= Willie Carson (photo journalist) =

Northern Irish photojournalist

Willie Carson (1926 – 6 October 1996) was a Northern Irish photo-journalist. Born in Derry, his photographs were published throughout the world at the height of The Troubles.

In 1945, Carson began working as a salesman for the local Derry Journal newspaper. He worked at the newspaper for 11 years before deciding to become a freelance photographer. With the start of the conflict in Northern Ireland, Carson's work, along with many others', became widely viewed around the world, and photographers from all over the world visited and stayed at his home, using his back yard dark room to process their films and his front room to dry their prints.

As well as documenting The Troubles, Carson also continued to capture the Derry life that continued alongside the conflict, and the changes in the town brought by redevelopment.

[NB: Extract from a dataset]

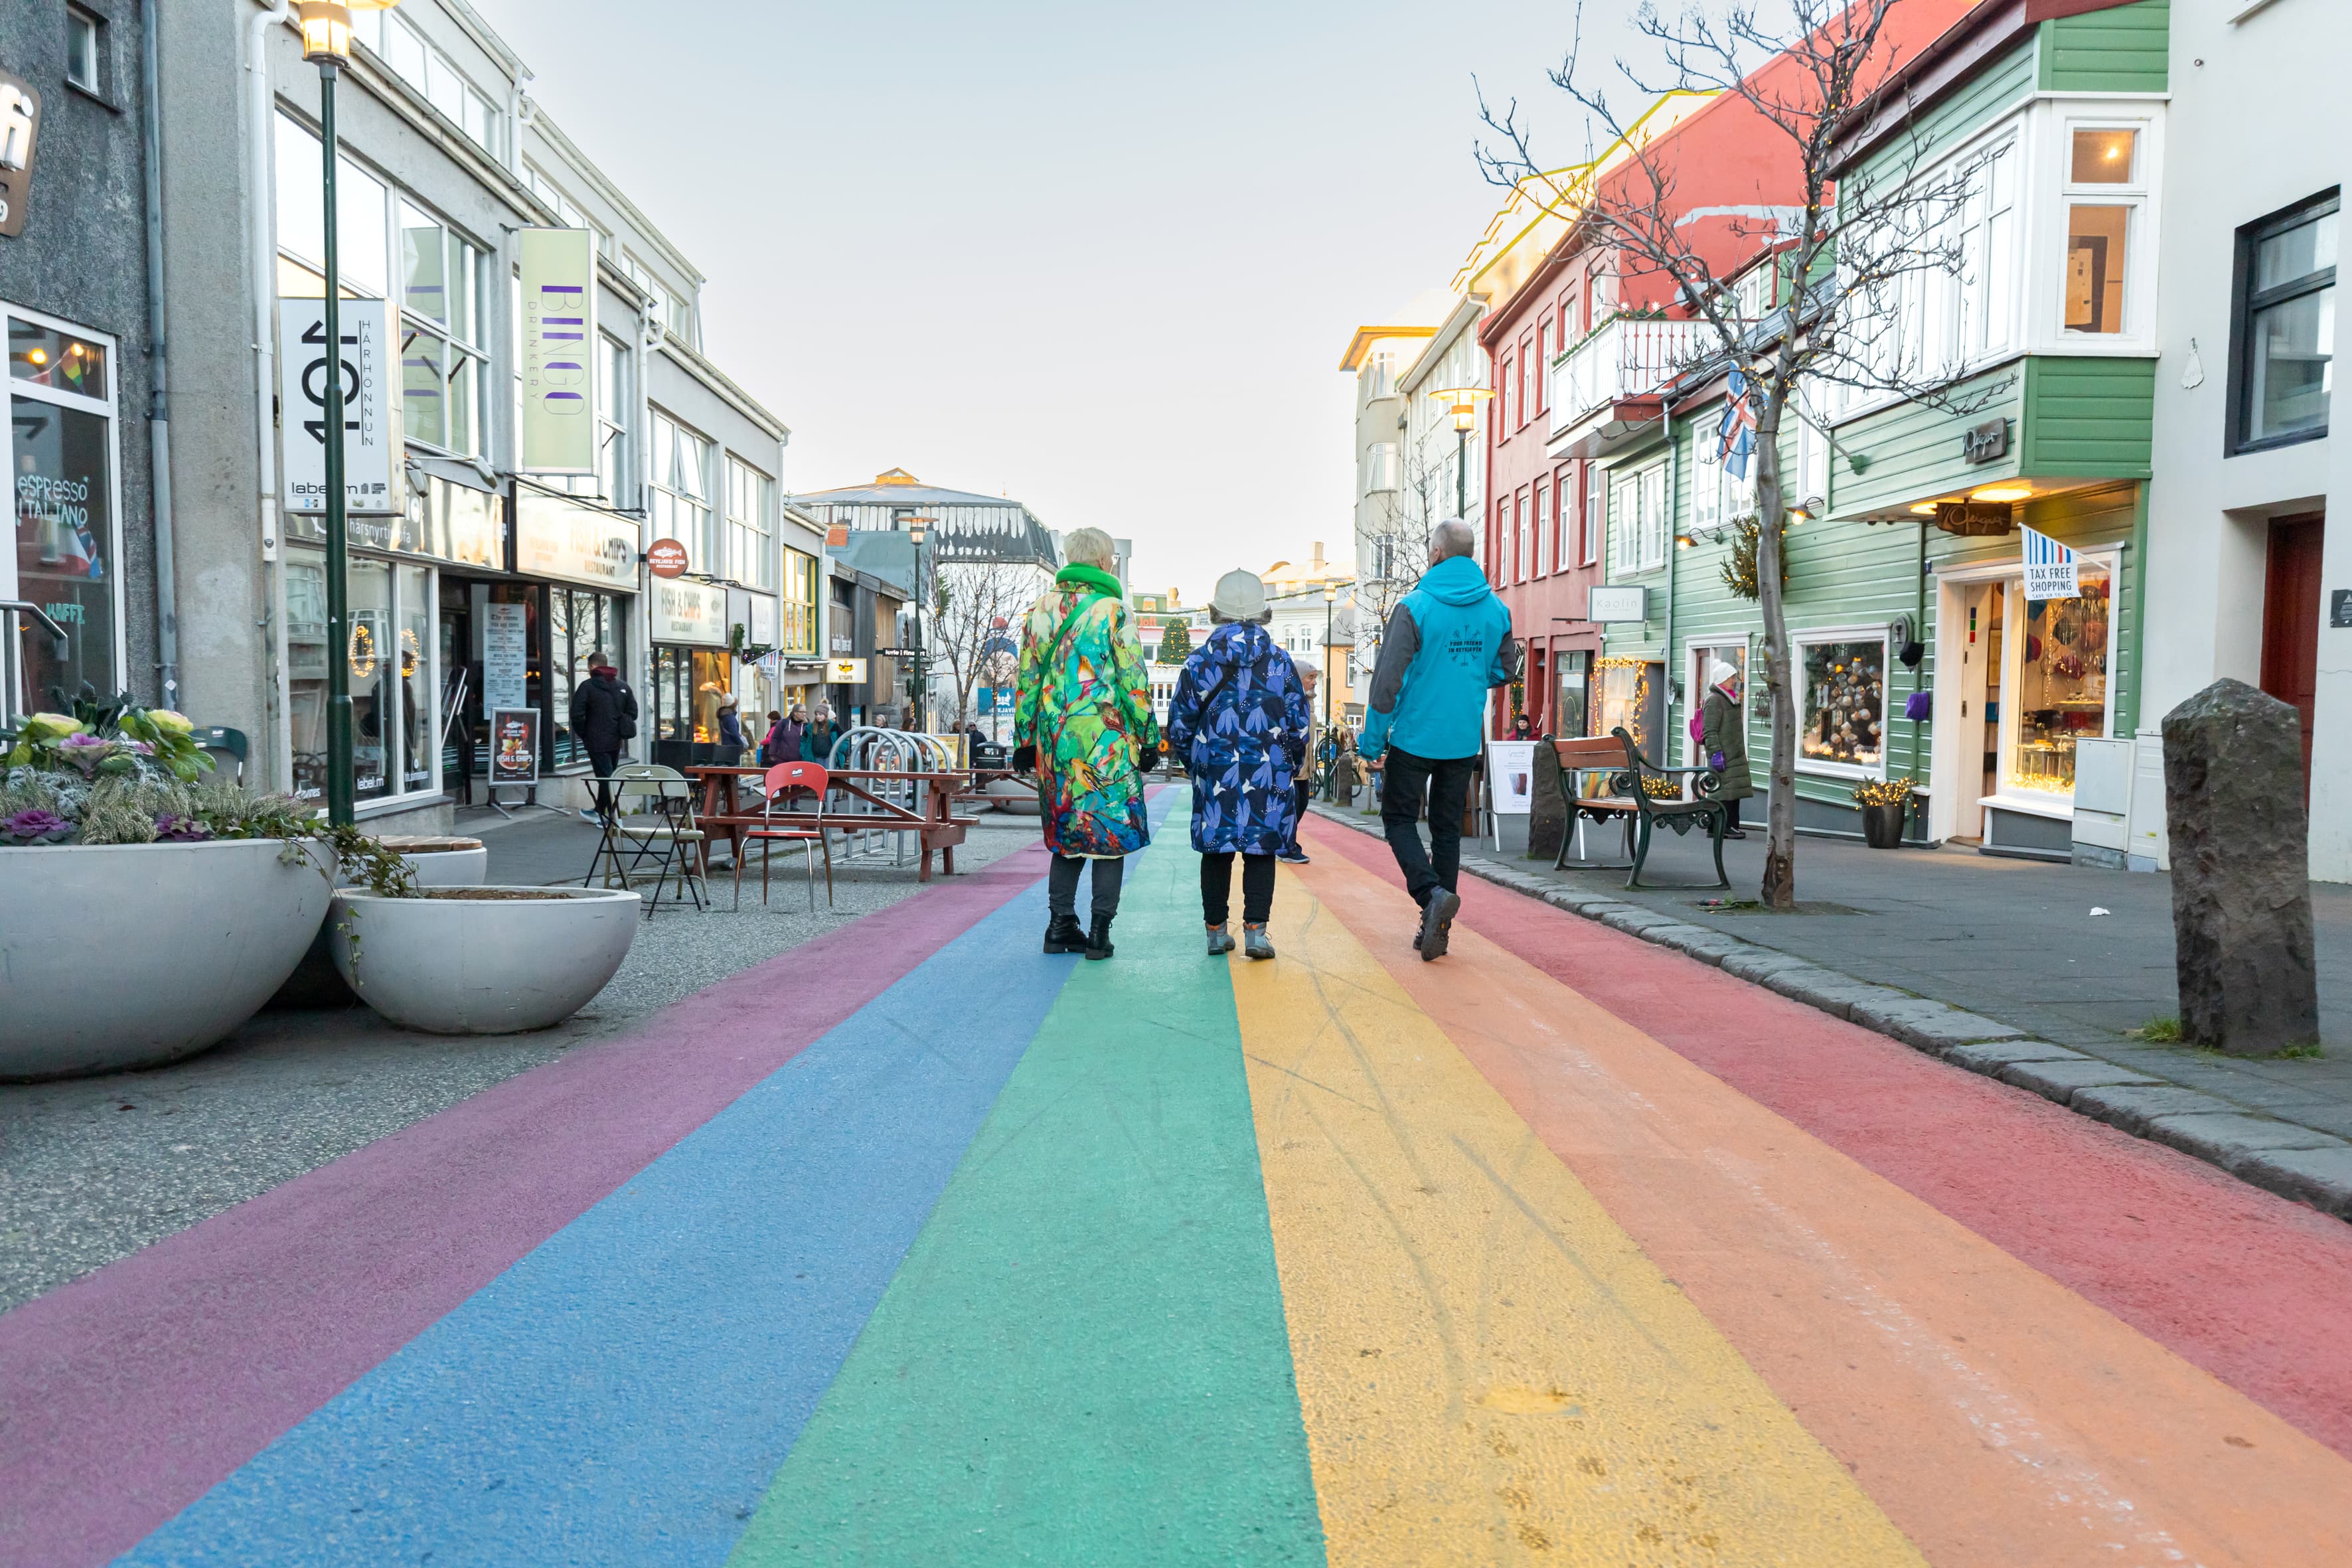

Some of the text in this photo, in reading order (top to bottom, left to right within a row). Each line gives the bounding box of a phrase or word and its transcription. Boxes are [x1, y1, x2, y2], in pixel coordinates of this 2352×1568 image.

Carson was the author of several books about life in Derry, including Derry Thru The Lens, Yesterday..., A Decade and a Half and So this was Derry.

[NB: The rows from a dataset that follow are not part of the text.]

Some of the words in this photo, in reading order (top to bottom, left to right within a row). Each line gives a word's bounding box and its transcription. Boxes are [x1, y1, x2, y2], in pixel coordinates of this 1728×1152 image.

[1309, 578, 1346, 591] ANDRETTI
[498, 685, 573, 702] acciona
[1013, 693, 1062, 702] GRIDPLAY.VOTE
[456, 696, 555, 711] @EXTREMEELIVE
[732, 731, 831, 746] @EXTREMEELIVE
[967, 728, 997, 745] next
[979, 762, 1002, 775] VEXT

In the 1990s Carson was working on another publication bringing his work into the present day, but died before this project was completed. He died on 6 October 1996, aged 70, having been diagnosed with lung cancer in July 1995. His funeral was attended by John Hume and Martin McGuinness, and Ian Paisley wrote a tribute to him in the Belfast Telegraph following his death in 1996. In 2006, a posthumous collection of his photographic work named after his first book of 1976 - Derry Thru The Lens: Refocus - was published by Guildhall Press, in co-operation with Carson's family.